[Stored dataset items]
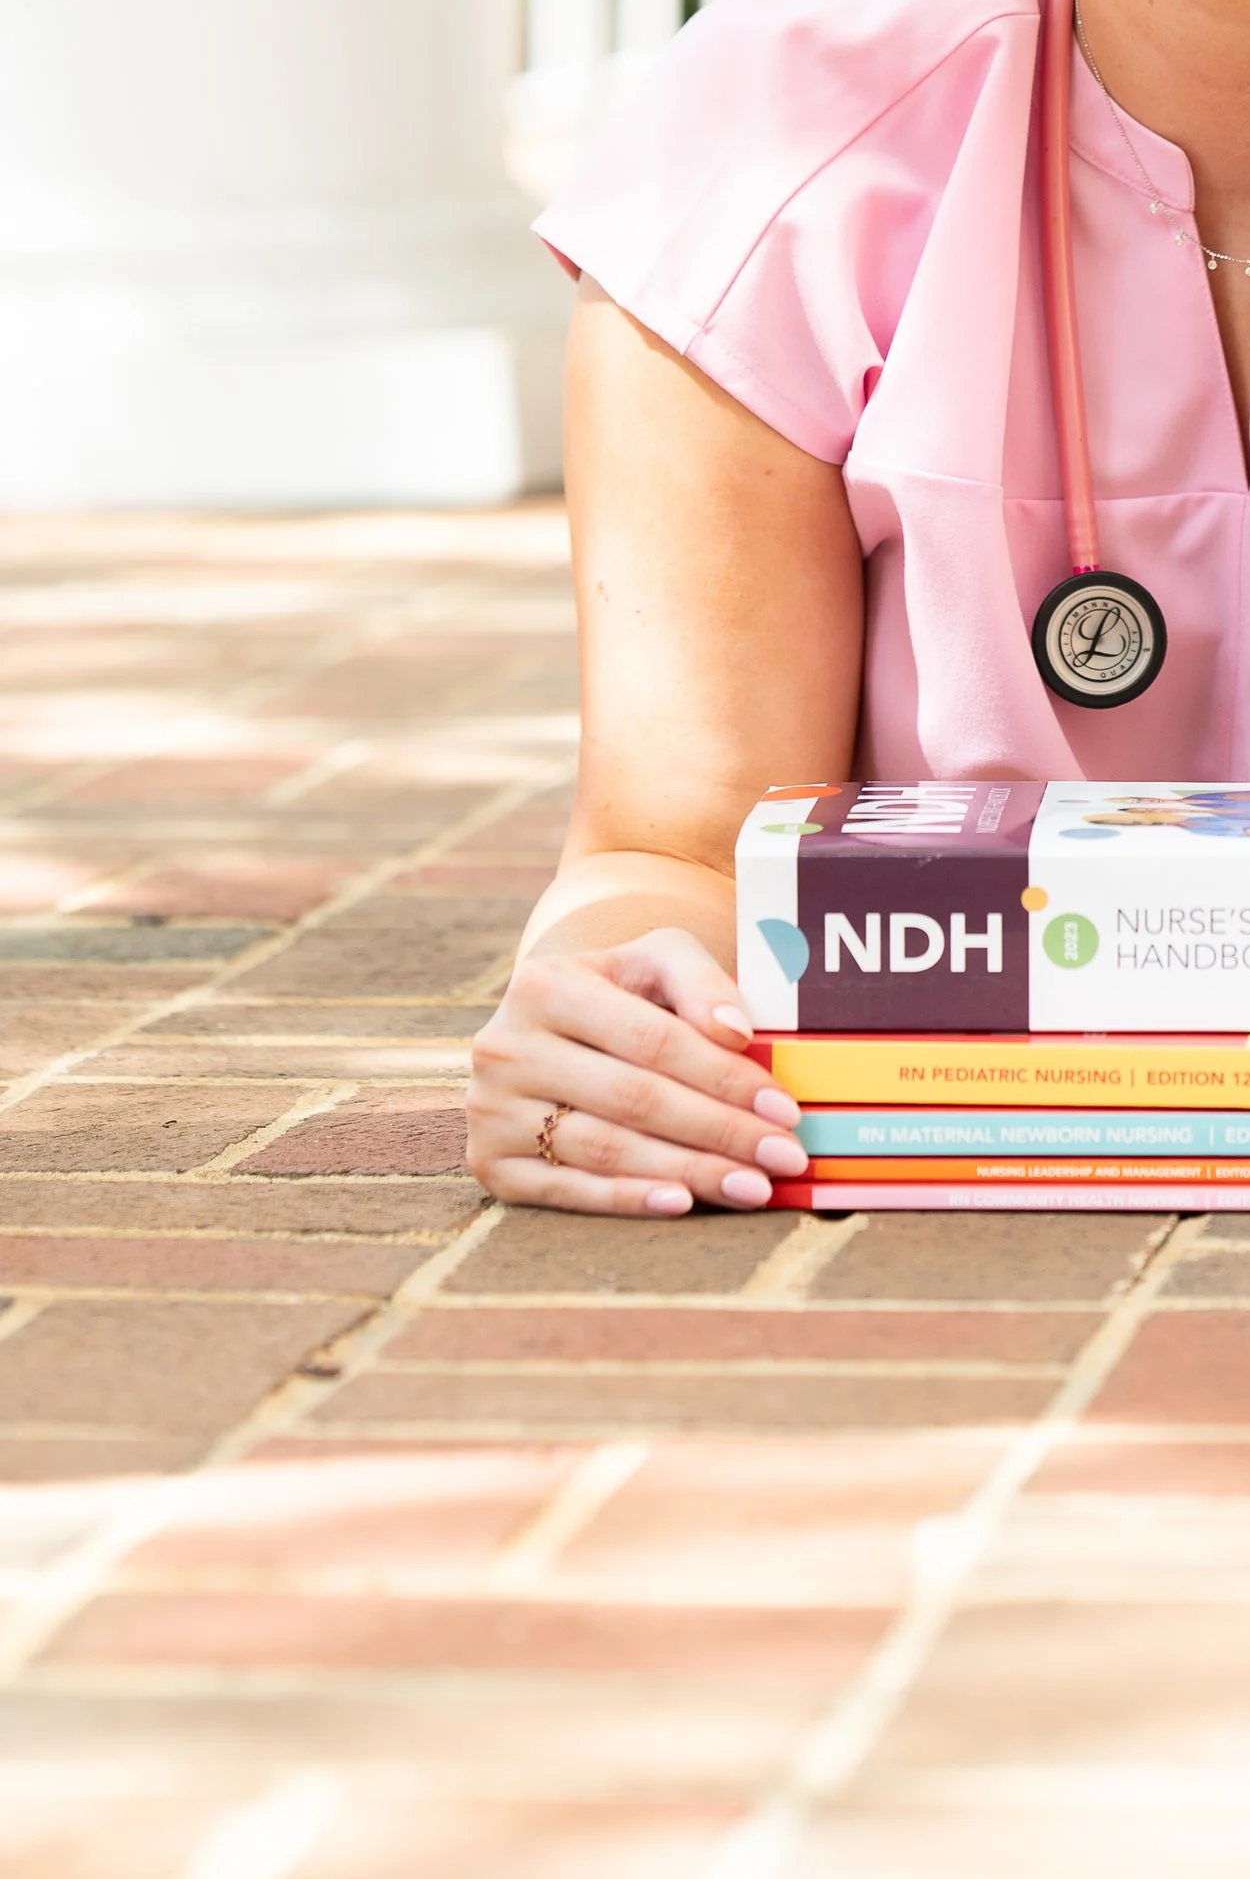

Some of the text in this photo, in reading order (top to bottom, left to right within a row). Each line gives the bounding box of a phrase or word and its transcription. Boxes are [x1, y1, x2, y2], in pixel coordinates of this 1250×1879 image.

[1064, 601, 1109, 658] LITTMANN
[1100, 629, 1139, 679] QUALITY
[841, 786, 976, 834] NDH
[824, 912, 1003, 973] NDH
[1064, 921, 1079, 962] 2023
[899, 1066, 925, 1082] RN
[932, 1067, 1028, 1083] PEDIATRIC
[1035, 1068, 1122, 1086] NURSING
[1146, 1071, 1225, 1086] EDITION
[858, 1126, 886, 1144] RN
[891, 1126, 996, 1145] MATERNAL
[1000, 1126, 1101, 1145] NEWBORN
[1209, 1124, 1214, 1146] |
[976, 1166, 1026, 1178] NURSING
[1028, 1166, 1093, 1178] LEADERSHIP
[1095, 1166, 1120, 1178] AND
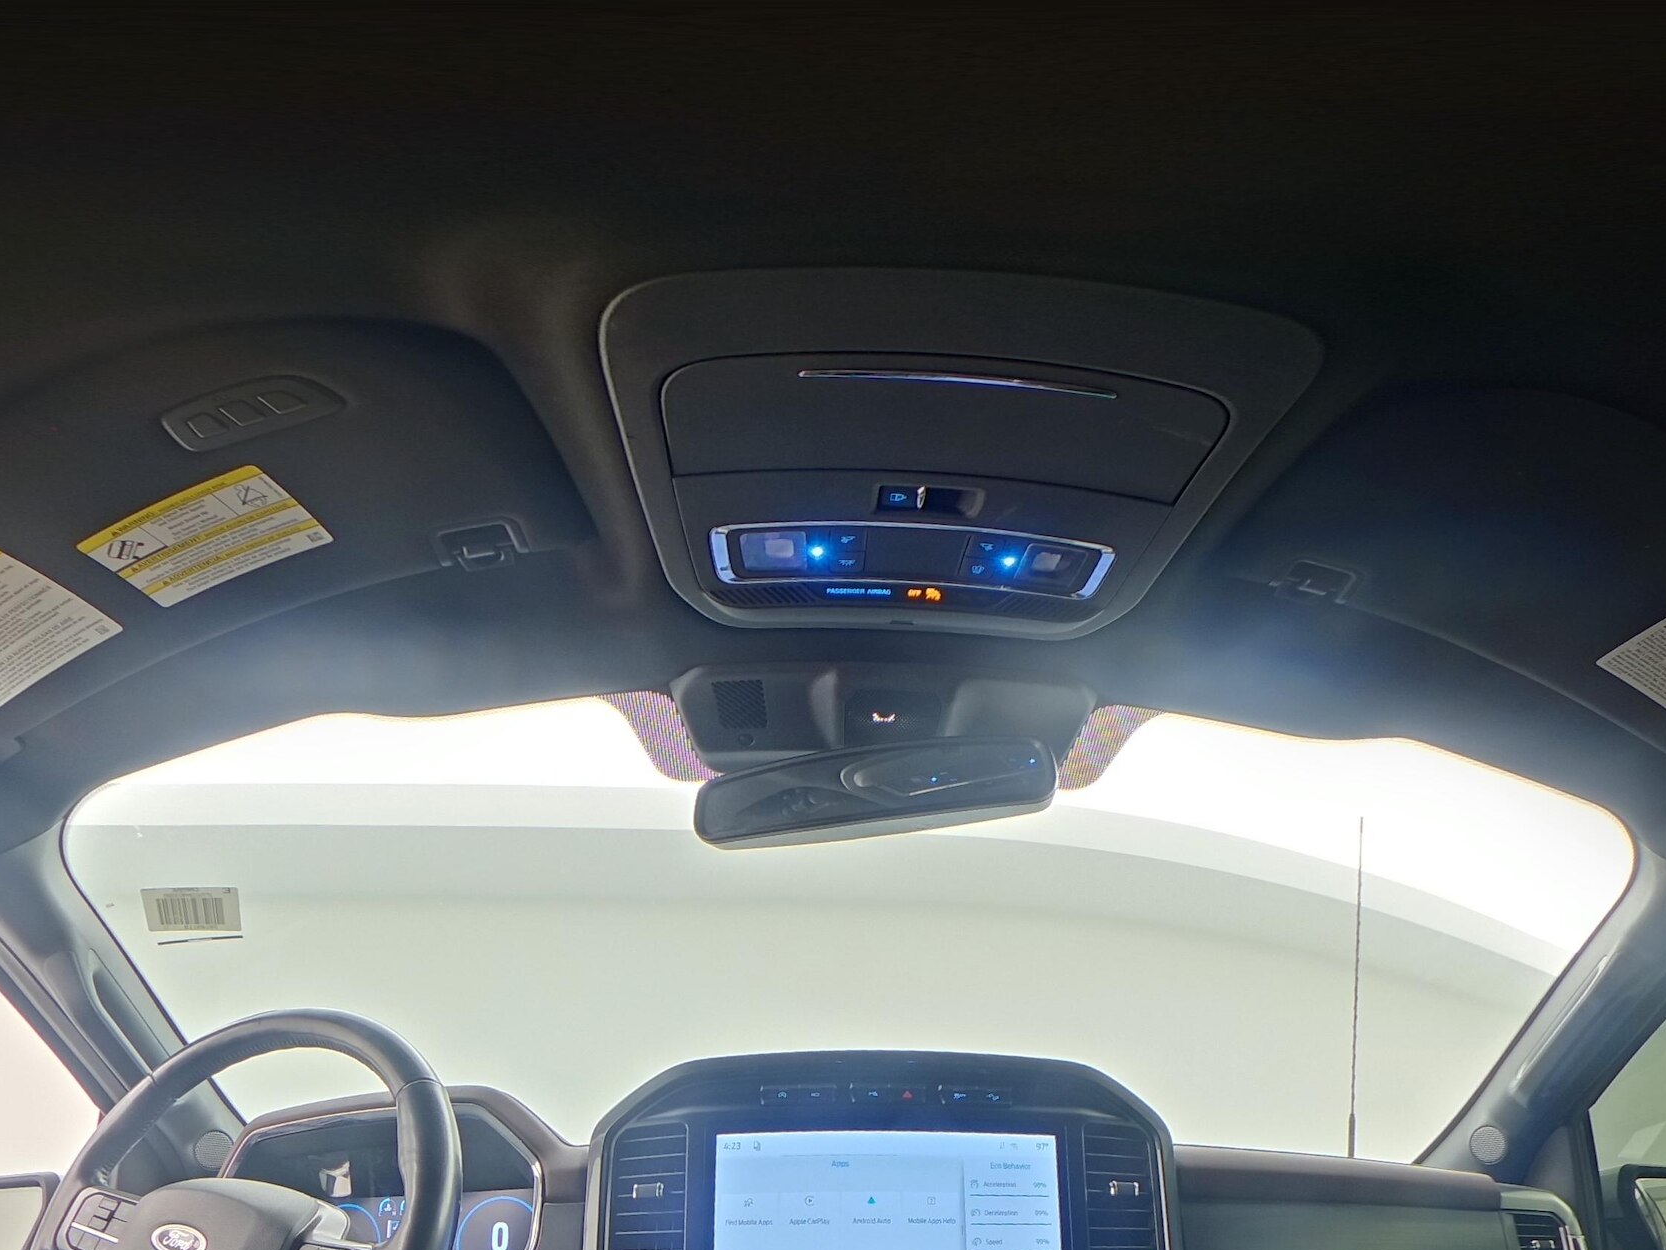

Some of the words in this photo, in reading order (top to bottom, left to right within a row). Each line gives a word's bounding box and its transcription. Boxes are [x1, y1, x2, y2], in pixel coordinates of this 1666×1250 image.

[723, 1141, 741, 1150] 4:23
[831, 1159, 850, 1168] Apps
[163, 1230, 195, 1250] Ford
[985, 1237, 1003, 1246] Speed

- **PROBLEM TO SOLVE**
Retype all the entries word for word; the pictures stay out.

- **RESULT BELOW**
Some of the text in this photo, in reading order (top to bottom, left to right within a row). Each line gives the bounding box of a phrase or word and its transcription. Boxes are [x1, y1, x2, y2], in pixel coordinates of this 1250×1879 image.

[1064, 601, 1109, 658] LITTMANN
[1100, 629, 1139, 679] QUALITY
[841, 786, 976, 834] NDH
[824, 912, 1003, 973] NDH
[1064, 921, 1079, 962] 2023
[899, 1066, 925, 1082] RN
[932, 1067, 1028, 1083] PEDIATRIC
[1035, 1068, 1122, 1086] NURSING
[1146, 1071, 1225, 1086] EDITION
[858, 1126, 886, 1144] RN
[891, 1126, 996, 1145] MATERNAL
[1000, 1126, 1101, 1145] NEWBORN
[1209, 1124, 1214, 1146] |
[976, 1166, 1026, 1178] NURSING
[1028, 1166, 1093, 1178] LEADERSHIP
[1095, 1166, 1120, 1178] AND

Some of the words in this photo, in reading order (top to bottom, left to right within a row). Each line gives a word's bounding box and its transcription. Boxes are [x1, y1, x2, y2], in pixel coordinates of this 1666×1250 image.

[723, 1141, 741, 1150] 4:23
[831, 1159, 850, 1168] Apps
[163, 1230, 195, 1250] Ford
[985, 1237, 1003, 1246] Speed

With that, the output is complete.